Type out every line of the data again, exactly.

DATA EXTRACT
[Start of section]
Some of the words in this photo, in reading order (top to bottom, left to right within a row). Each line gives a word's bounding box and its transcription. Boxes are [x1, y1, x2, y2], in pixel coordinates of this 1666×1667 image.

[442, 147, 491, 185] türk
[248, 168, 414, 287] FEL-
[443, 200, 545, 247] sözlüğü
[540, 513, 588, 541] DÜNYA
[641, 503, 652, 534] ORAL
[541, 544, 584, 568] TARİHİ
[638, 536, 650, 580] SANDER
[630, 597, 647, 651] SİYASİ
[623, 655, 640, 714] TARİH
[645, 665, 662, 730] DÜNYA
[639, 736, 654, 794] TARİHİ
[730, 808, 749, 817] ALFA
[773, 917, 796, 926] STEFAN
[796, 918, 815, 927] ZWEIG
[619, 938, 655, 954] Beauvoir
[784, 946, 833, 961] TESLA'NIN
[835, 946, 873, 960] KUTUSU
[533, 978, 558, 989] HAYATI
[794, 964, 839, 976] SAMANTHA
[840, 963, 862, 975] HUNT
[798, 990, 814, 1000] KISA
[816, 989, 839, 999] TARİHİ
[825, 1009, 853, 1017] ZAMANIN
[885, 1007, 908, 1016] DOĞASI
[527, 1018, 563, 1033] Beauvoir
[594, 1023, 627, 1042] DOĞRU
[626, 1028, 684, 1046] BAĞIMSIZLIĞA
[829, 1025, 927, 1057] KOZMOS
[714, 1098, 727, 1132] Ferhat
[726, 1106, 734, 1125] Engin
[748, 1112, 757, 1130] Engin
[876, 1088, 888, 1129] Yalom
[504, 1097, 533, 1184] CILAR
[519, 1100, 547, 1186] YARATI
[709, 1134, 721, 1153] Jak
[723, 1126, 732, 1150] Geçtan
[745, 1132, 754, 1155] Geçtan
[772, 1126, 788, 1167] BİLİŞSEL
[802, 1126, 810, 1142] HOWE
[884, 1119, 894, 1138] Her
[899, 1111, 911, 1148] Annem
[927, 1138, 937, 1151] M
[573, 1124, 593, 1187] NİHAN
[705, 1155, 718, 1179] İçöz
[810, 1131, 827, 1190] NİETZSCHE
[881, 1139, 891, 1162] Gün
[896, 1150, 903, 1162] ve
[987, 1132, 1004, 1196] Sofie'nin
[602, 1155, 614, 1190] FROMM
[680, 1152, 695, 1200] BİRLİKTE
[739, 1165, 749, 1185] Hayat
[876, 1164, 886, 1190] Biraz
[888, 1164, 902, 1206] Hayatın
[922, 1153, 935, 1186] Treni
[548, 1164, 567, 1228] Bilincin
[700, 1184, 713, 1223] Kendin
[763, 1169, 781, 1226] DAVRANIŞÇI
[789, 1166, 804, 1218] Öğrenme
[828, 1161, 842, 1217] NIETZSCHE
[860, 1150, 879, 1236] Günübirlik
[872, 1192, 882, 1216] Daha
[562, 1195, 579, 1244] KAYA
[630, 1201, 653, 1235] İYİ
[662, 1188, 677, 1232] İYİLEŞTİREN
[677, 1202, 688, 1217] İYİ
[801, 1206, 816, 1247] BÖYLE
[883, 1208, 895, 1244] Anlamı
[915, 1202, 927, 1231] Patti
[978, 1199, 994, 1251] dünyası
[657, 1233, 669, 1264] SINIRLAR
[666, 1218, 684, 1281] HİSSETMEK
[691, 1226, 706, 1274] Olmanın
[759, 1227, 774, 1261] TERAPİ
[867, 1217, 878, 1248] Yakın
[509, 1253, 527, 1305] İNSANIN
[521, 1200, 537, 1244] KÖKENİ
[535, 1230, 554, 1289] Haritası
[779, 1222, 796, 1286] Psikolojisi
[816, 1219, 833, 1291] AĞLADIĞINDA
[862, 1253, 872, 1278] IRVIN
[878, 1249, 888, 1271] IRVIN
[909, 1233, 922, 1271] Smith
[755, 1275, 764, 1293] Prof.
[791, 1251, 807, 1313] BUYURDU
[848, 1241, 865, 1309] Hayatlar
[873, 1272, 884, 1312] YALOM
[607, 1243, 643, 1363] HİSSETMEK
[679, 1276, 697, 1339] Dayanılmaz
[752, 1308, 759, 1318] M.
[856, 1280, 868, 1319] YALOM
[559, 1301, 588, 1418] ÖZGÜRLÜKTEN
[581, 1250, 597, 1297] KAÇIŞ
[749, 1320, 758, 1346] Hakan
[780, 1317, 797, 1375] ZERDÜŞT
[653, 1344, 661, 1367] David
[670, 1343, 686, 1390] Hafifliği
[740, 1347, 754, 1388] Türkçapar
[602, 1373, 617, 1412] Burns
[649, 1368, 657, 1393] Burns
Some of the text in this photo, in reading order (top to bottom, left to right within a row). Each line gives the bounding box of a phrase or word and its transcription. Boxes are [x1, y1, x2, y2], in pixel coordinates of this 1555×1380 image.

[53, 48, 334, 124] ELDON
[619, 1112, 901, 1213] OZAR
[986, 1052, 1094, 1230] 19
[End of section]
SOLUTION TO THIS EXERCISE
Some of the words in this photo, in reading order (top to bottom, left to right within a row). Each line gives a word's bounding box and its transcription. Boxes are [x1, y1, x2, y2], in pixel coordinates of this 1666×1667 image.

[442, 147, 491, 185] türk
[248, 168, 414, 287] FEL-
[443, 200, 545, 247] sözlüğü
[540, 513, 588, 541] DÜNYA
[641, 503, 652, 534] ORAL
[541, 544, 584, 568] TARİHİ
[638, 536, 650, 580] SANDER
[630, 597, 647, 651] SİYASİ
[623, 655, 640, 714] TARİH
[645, 665, 662, 730] DÜNYA
[639, 736, 654, 794] TARİHİ
[730, 808, 749, 817] ALFA
[773, 917, 796, 926] STEFAN
[796, 918, 815, 927] ZWEIG
[619, 938, 655, 954] Beauvoir
[784, 946, 833, 961] TESLA'NIN
[835, 946, 873, 960] KUTUSU
[533, 978, 558, 989] HAYATI
[794, 964, 839, 976] SAMANTHA
[840, 963, 862, 975] HUNT
[798, 990, 814, 1000] KISA
[816, 989, 839, 999] TARİHİ
[825, 1009, 853, 1017] ZAMANIN
[885, 1007, 908, 1016] DOĞASI
[527, 1018, 563, 1033] Beauvoir
[594, 1023, 627, 1042] DOĞRU
[626, 1028, 684, 1046] BAĞIMSIZLIĞA
[829, 1025, 927, 1057] KOZMOS
[714, 1098, 727, 1132] Ferhat
[726, 1106, 734, 1125] Engin
[748, 1112, 757, 1130] Engin
[876, 1088, 888, 1129] Yalom
[504, 1097, 533, 1184] CILAR
[519, 1100, 547, 1186] YARATI
[709, 1134, 721, 1153] Jak
[723, 1126, 732, 1150] Geçtan
[745, 1132, 754, 1155] Geçtan
[772, 1126, 788, 1167] BİLİŞSEL
[802, 1126, 810, 1142] HOWE
[884, 1119, 894, 1138] Her
[899, 1111, 911, 1148] Annem
[927, 1138, 937, 1151] M
[573, 1124, 593, 1187] NİHAN
[705, 1155, 718, 1179] İçöz
[810, 1131, 827, 1190] NİETZSCHE
[881, 1139, 891, 1162] Gün
[896, 1150, 903, 1162] ve
[987, 1132, 1004, 1196] Sofie'nin
[602, 1155, 614, 1190] FROMM
[680, 1152, 695, 1200] BİRLİKTE
[739, 1165, 749, 1185] Hayat
[876, 1164, 886, 1190] Biraz
[888, 1164, 902, 1206] Hayatın
[922, 1153, 935, 1186] Treni
[548, 1164, 567, 1228] Bilincin
[700, 1184, 713, 1223] Kendin
[763, 1169, 781, 1226] DAVRANIŞÇI
[789, 1166, 804, 1218] Öğrenme
[828, 1161, 842, 1217] NIETZSCHE
[860, 1150, 879, 1236] Günübirlik
[872, 1192, 882, 1216] Daha
[562, 1195, 579, 1244] KAYA
[630, 1201, 653, 1235] İYİ
[662, 1188, 677, 1232] İYİLEŞTİREN
[677, 1202, 688, 1217] İYİ
[801, 1206, 816, 1247] BÖYLE
[883, 1208, 895, 1244] Anlamı
[915, 1202, 927, 1231] Patti
[978, 1199, 994, 1251] dünyası
[657, 1233, 669, 1264] SINIRLAR
[666, 1218, 684, 1281] HİSSETMEK
[691, 1226, 706, 1274] Olmanın
[759, 1227, 774, 1261] TERAPİ
[867, 1217, 878, 1248] Yakın
[509, 1253, 527, 1305] İNSANIN
[521, 1200, 537, 1244] KÖKENİ
[535, 1230, 554, 1289] Haritası
[779, 1222, 796, 1286] Psikolojisi
[816, 1219, 833, 1291] AĞLADIĞINDA
[862, 1253, 872, 1278] IRVIN
[878, 1249, 888, 1271] IRVIN
[909, 1233, 922, 1271] Smith
[755, 1275, 764, 1293] Prof.
[791, 1251, 807, 1313] BUYURDU
[848, 1241, 865, 1309] Hayatlar
[873, 1272, 884, 1312] YALOM
[607, 1243, 643, 1363] HİSSETMEK
[679, 1276, 697, 1339] Dayanılmaz
[752, 1308, 759, 1318] M.
[856, 1280, 868, 1319] YALOM
[559, 1301, 588, 1418] ÖZGÜRLÜKTEN
[581, 1250, 597, 1297] KAÇIŞ
[749, 1320, 758, 1346] Hakan
[780, 1317, 797, 1375] ZERDÜŞT
[653, 1344, 661, 1367] David
[670, 1343, 686, 1390] Hafifliği
[740, 1347, 754, 1388] Türkçapar
[602, 1373, 617, 1412] Burns
[649, 1368, 657, 1393] Burns
Some of the text in this photo, in reading order (top to bottom, left to right within a row). Each line gives the bounding box of a phrase or word and its transcription. Boxes are [x1, y1, x2, y2], in pixel coordinates of this 1555×1380 image.

[53, 48, 334, 124] ELDON
[619, 1112, 901, 1213] OZAR
[986, 1052, 1094, 1230] 19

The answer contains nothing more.